**THE PROBLEM:** Output every entry below exactly, without its pictures.

[Opening TASK INPUTS section]

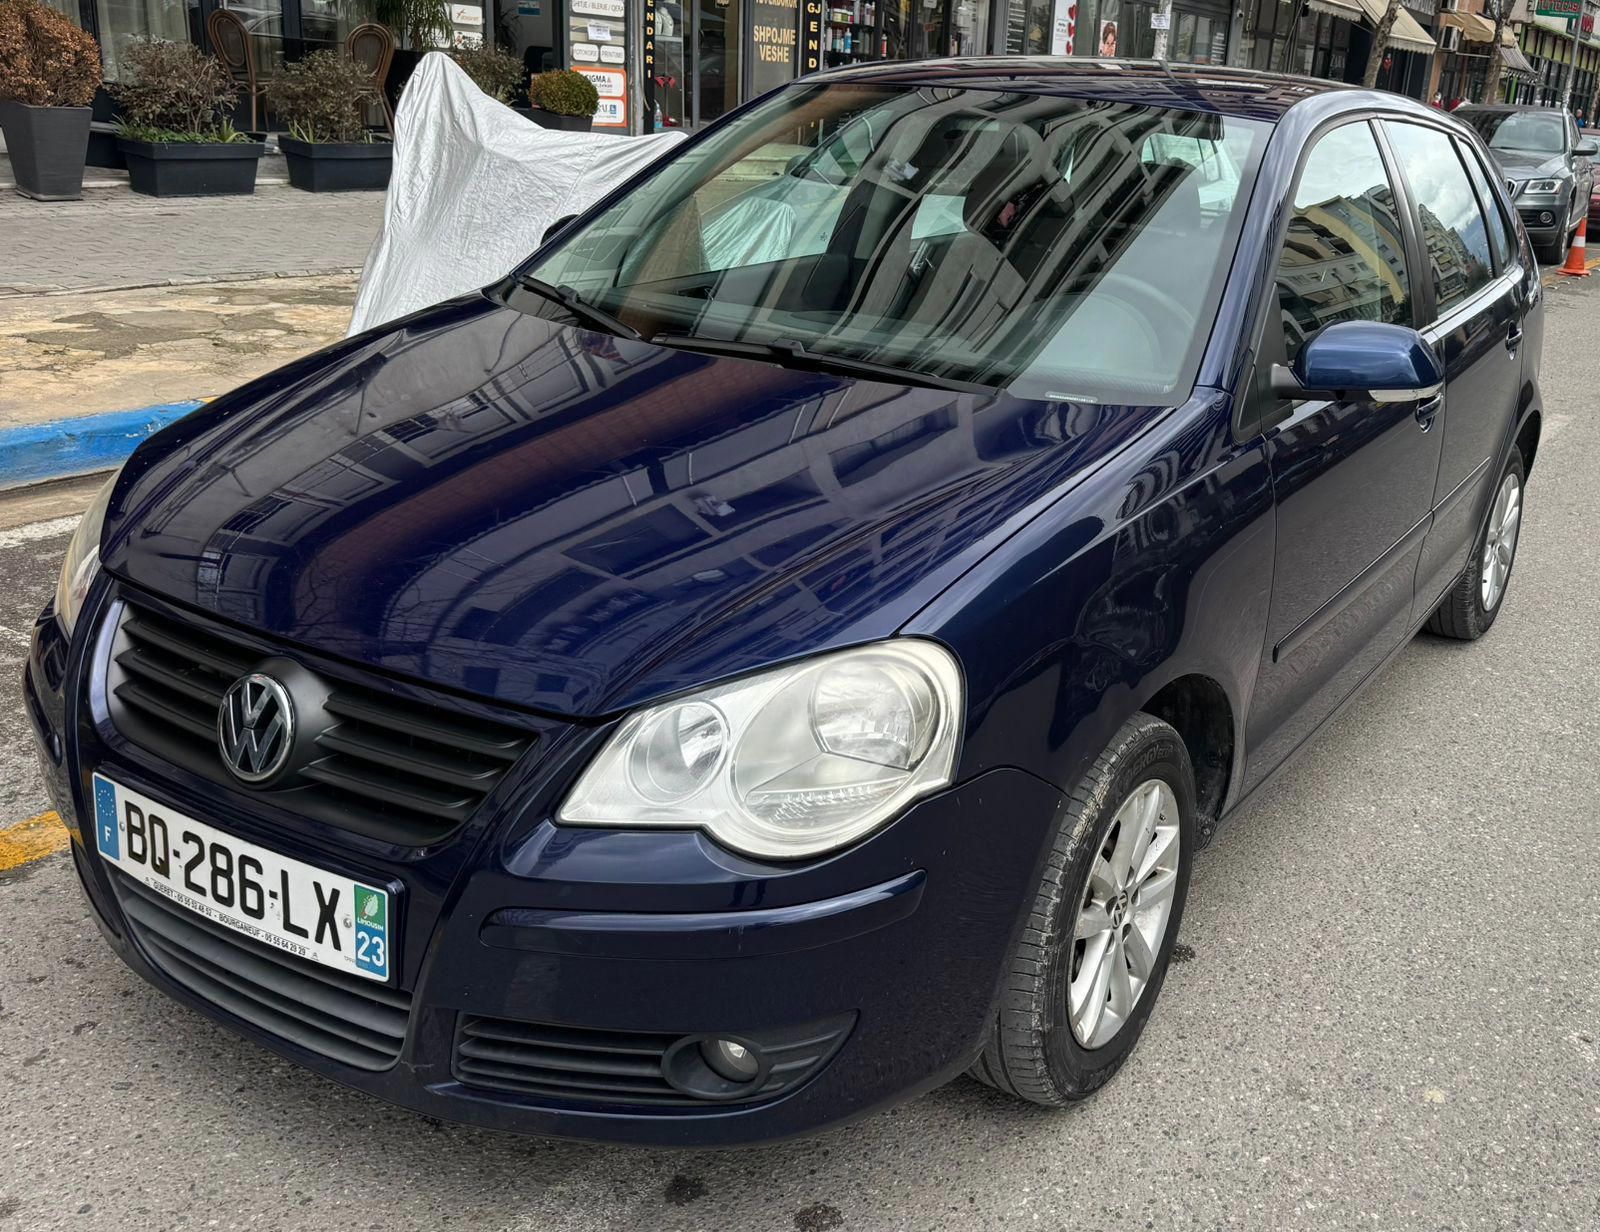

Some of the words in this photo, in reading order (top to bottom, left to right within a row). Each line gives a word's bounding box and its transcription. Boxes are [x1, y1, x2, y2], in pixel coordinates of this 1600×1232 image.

[753, 25, 796, 45] SHPOJME
[759, 44, 789, 62] VESHE
[104, 825, 111, 842] F
[125, 800, 342, 952] BQ-286-LX
[357, 917, 384, 932] LIMOUSIN
[272, 937, 281, 945] 55
[357, 931, 385, 967] 23
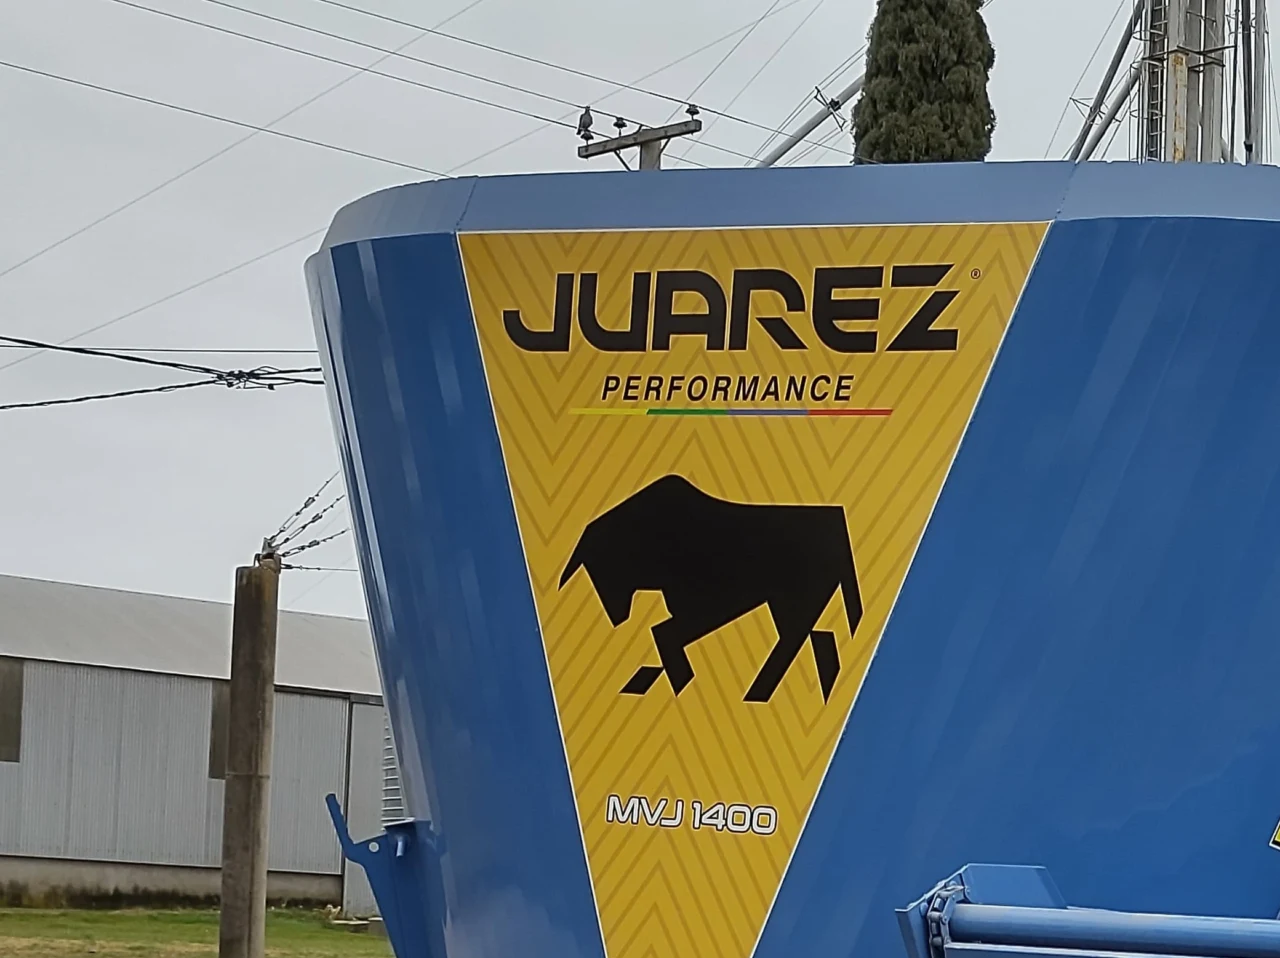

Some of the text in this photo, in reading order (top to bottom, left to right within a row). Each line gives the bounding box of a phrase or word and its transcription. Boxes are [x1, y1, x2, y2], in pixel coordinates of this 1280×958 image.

[502, 264, 961, 353] JUAREZ
[601, 375, 855, 402] PERFORMANCE
[607, 795, 777, 835] MVJ 1400

[Closing TASK INPUTS section]

**TASK RESULT:**
Some of the words in this photo, in reading order (top to bottom, left to right within a row). Each line gives a word's bounding box and its transcription. Boxes are [x1, y1, x2, y2], in pixel coordinates of this 1600×1232 image.

[753, 25, 796, 45] SHPOJME
[759, 44, 789, 62] VESHE
[104, 825, 111, 842] F
[125, 800, 342, 952] BQ-286-LX
[357, 917, 384, 932] LIMOUSIN
[272, 937, 281, 945] 55
[357, 931, 385, 967] 23

Some of the text in this photo, in reading order (top to bottom, left to right within a row). Each line gives the bounding box of a phrase or word and its transcription. Boxes are [x1, y1, x2, y2], in pixel coordinates of this 1280×958 image.

[502, 264, 961, 353] JUAREZ
[601, 375, 855, 402] PERFORMANCE
[607, 795, 777, 835] MVJ 1400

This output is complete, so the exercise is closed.